Réglementation : démontabilité n’est pas réparabilité
On est encore loin de l’indice de réparabilité ! C’est le constat de l’association Halte à l’obsolescence programmée (HOP) après l’analyse du règlement sur la circularité de la conception des véhicules et leur gestion en fin de vie adopté en juillet 2026 à Bruxelles.
Dés 2025, et dans le cadre des débats sur la réforme de la réglementation européenne relative à la circularité auto, la Figiefa (dont la Feda est membre) ou encore Mobilians s’étaient joints au combat porté par l’association Halte à l’obsolescence programmée (HOP) pour réformer les règles de réparabilité des véhicules. Tous avaient dans le viseur les prémices de la création d’un indice, sur le modèle de celui encadrant l’électroménager.
Bilan mitigé suite à l’adoption en juillet dernier du texte réformant la circularité de la conception des véhicules et la gestion des véhicules hors d'usage (VHU). Car si l’association relève des avancées - incorporation de plastiques recyclés, passeport de circularité numérique, amélioration de l’écoconception…-, elle regrette que la « recyclabilité soit priorisée sur la réparabilité ».
Réparabilité : levier maître contre l’obsolescence
« L’article 7 du règlement impose de permettre, dès la conception du véhicule, le démontage et le remplacement de certaines pièces. Néanmoins, cela n’assure pas la réparabilité pendant l’usage. Pour la plupart des pièces, la démontabilité n’est en effet obligatoire qu’à la fin de vie du véhicule », regrette HOP. Est également ciblé le traitement des batteries et moteurs de véhicules électrifiés. Si le principe qu’ils doivent être démontables et remplaçables pendant la phase d’usage (article 7.2) est posé, pas de mention d’obligation de donner accès à l’ensemble des composants.

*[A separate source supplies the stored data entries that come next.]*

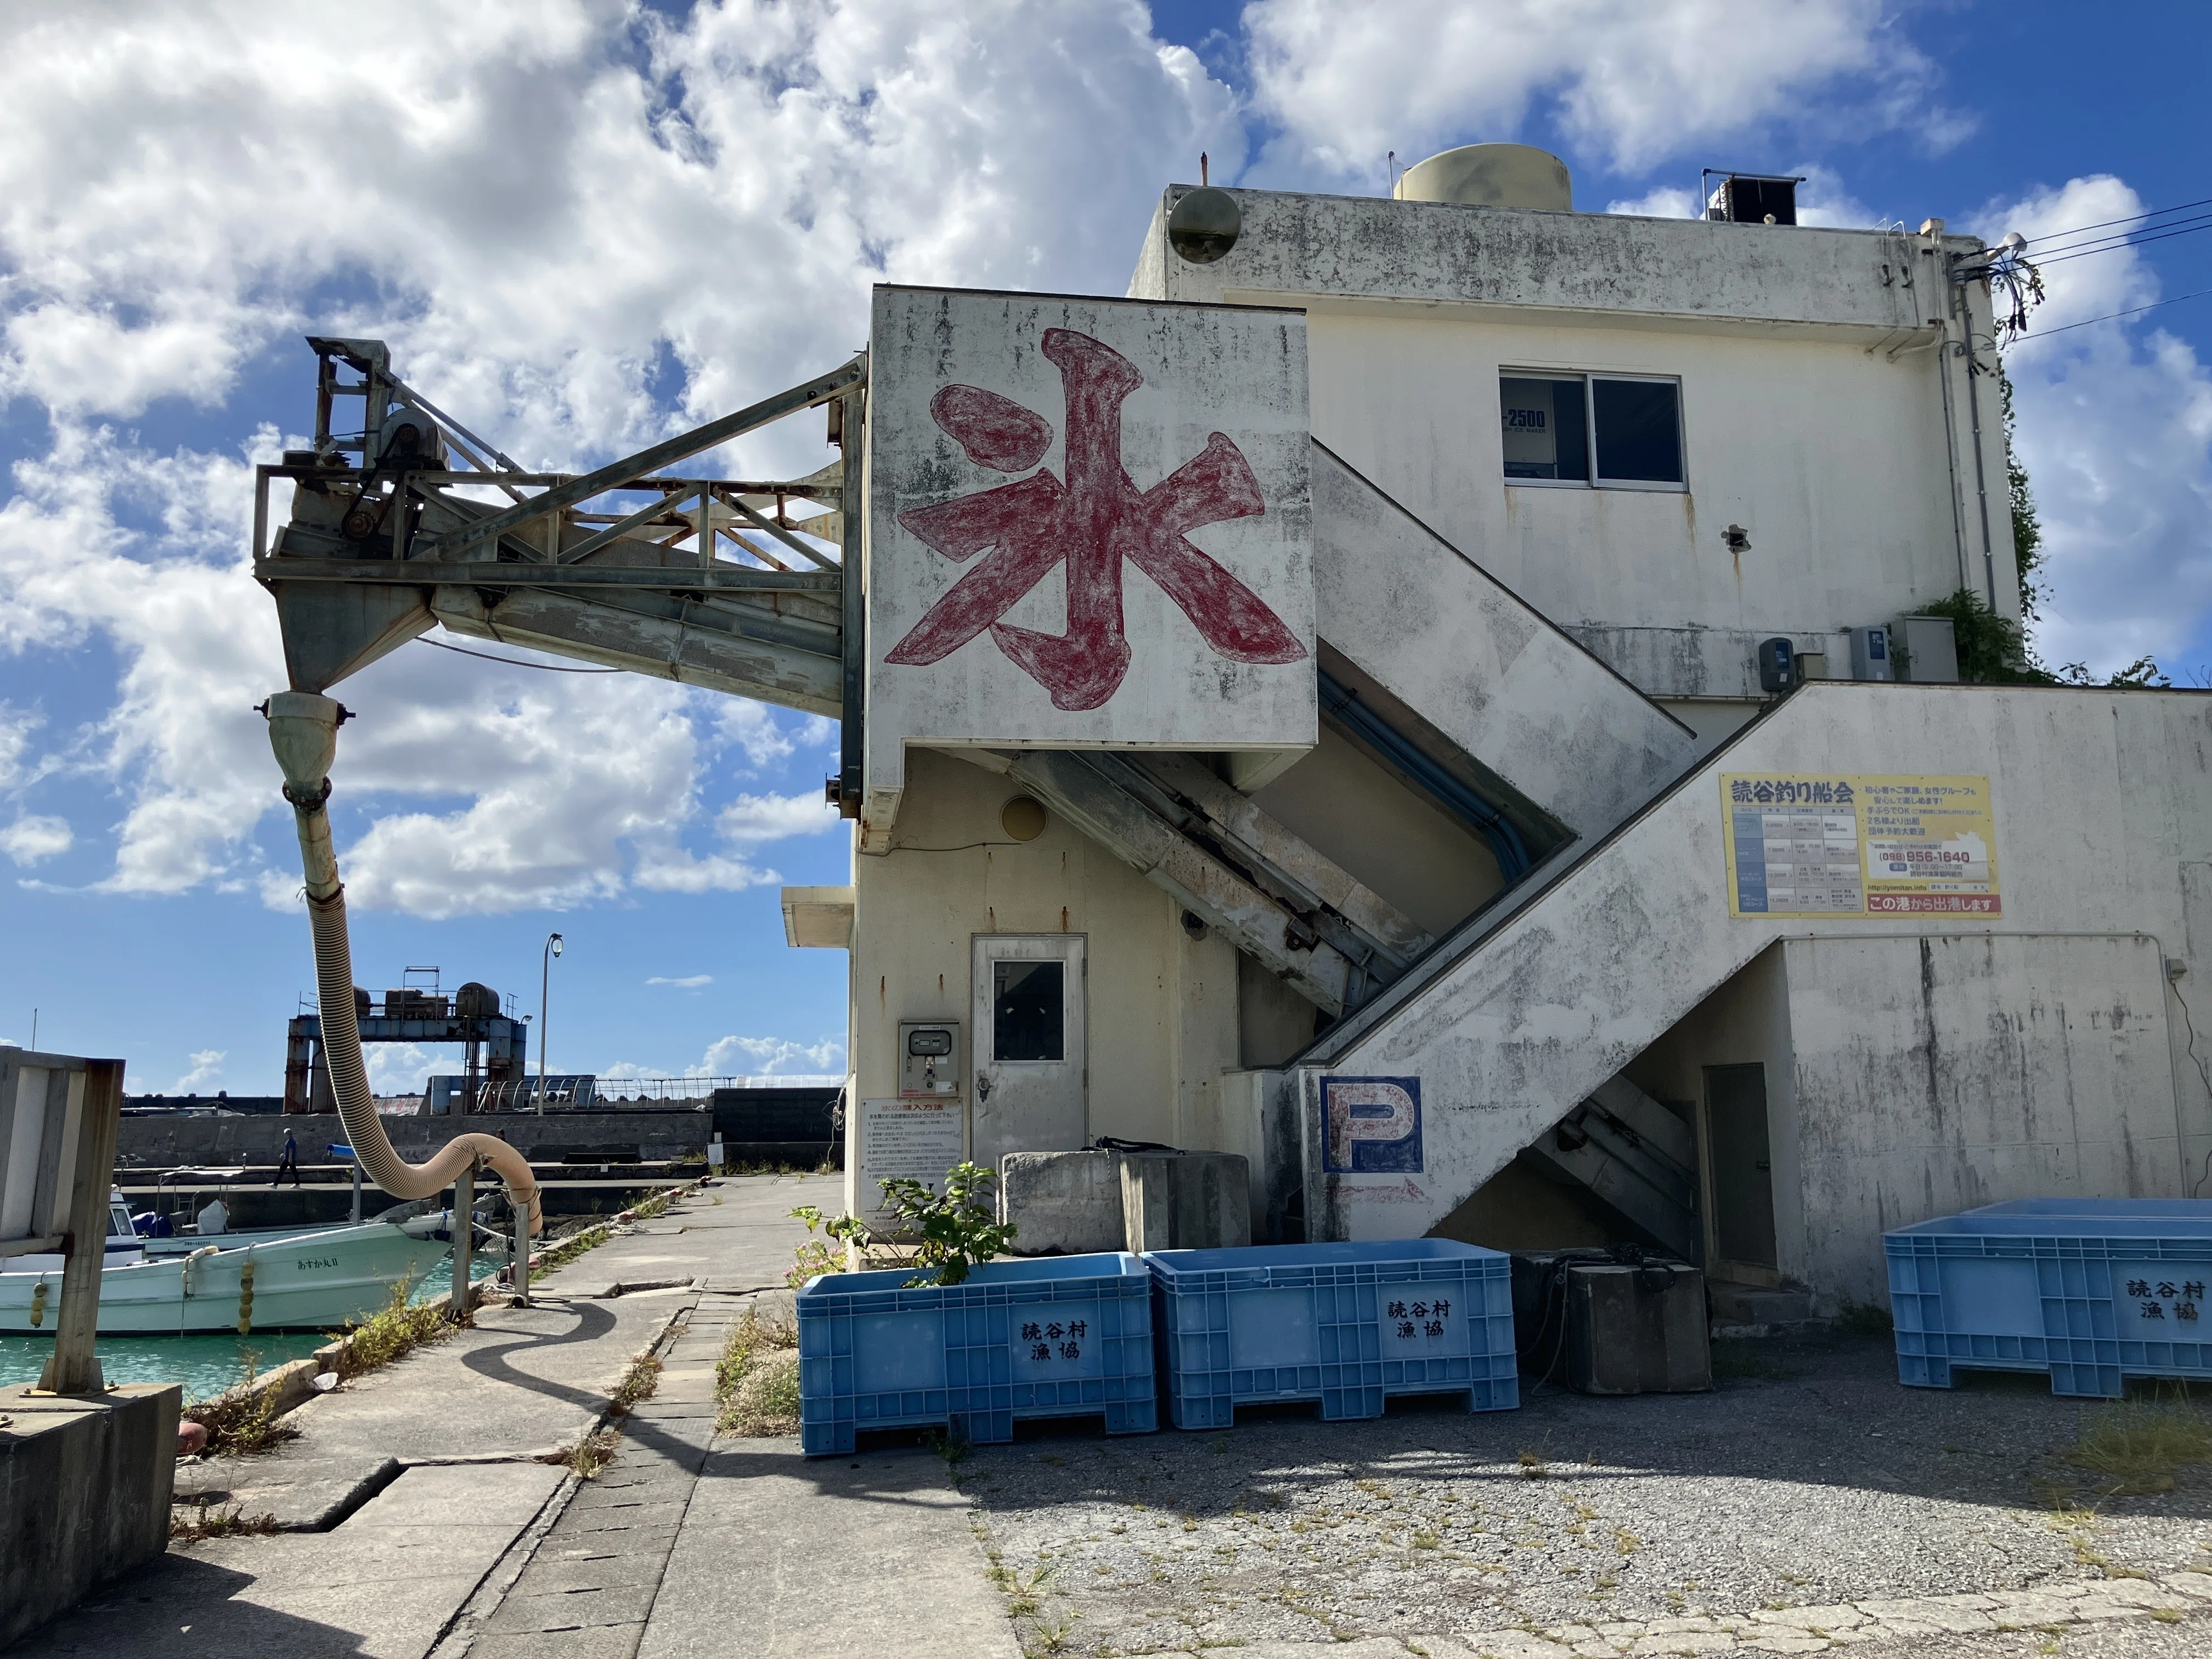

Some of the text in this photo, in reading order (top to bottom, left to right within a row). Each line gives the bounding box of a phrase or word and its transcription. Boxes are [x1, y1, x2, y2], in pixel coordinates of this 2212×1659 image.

[884, 328, 1308, 711] 氷
[1731, 780, 1854, 804] 読谷釣り船会
[1869, 827, 1926, 836] 団体予約大歓迎
[1870, 896, 1991, 911] この港から出港します
[1327, 1083, 1414, 1168] P
[2126, 1279, 2206, 1299] 読谷村
[1387, 1299, 1451, 1319] 読谷村
[2141, 1301, 2199, 1321] 漁協
[1020, 1319, 1088, 1342] 読谷村
[1396, 1320, 1444, 1339] 漁協
[1031, 1342, 1080, 1361] 漁協

De même, la liste de critères pour les modulations des éco-contributions se concentre sur la recyclabilité, sans y intégrer le moindre critère de réparabilité. N’apparaissent pas non plus dans le texte l’obligation de maintien gratuit des logiciels ni celle de la mise à disposition des pièces de rechange pendant 20 ans (l’accès à ces PR pendant 10 ans n’étant pour l’heure qu’un usage). HOP insiste également sur la nécessité d’encadrer les pratiques d’irréparabilité (batteries scellées, gigacasting, sérialisation*).

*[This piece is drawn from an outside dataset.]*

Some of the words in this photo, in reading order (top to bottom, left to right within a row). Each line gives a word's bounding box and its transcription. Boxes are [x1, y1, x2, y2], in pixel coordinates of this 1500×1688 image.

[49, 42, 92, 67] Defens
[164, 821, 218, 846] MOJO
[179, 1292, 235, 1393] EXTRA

Et bien entendu, est rappelée l’indispensable vigilance sur l’accès aux informations des véhicules à un prix raisonnable. On l’aura compris : si la prise en compte de la durabilité automobile gagne du terrain, il reste encore de la route pour que sa réparabilité devienne un principe gravé dans le marbre.
*Blocage du reconditionnement et/ou de la réparation de pièces en les liant au numéro d’identification du véhicule via un « codage numérique » (digital coding).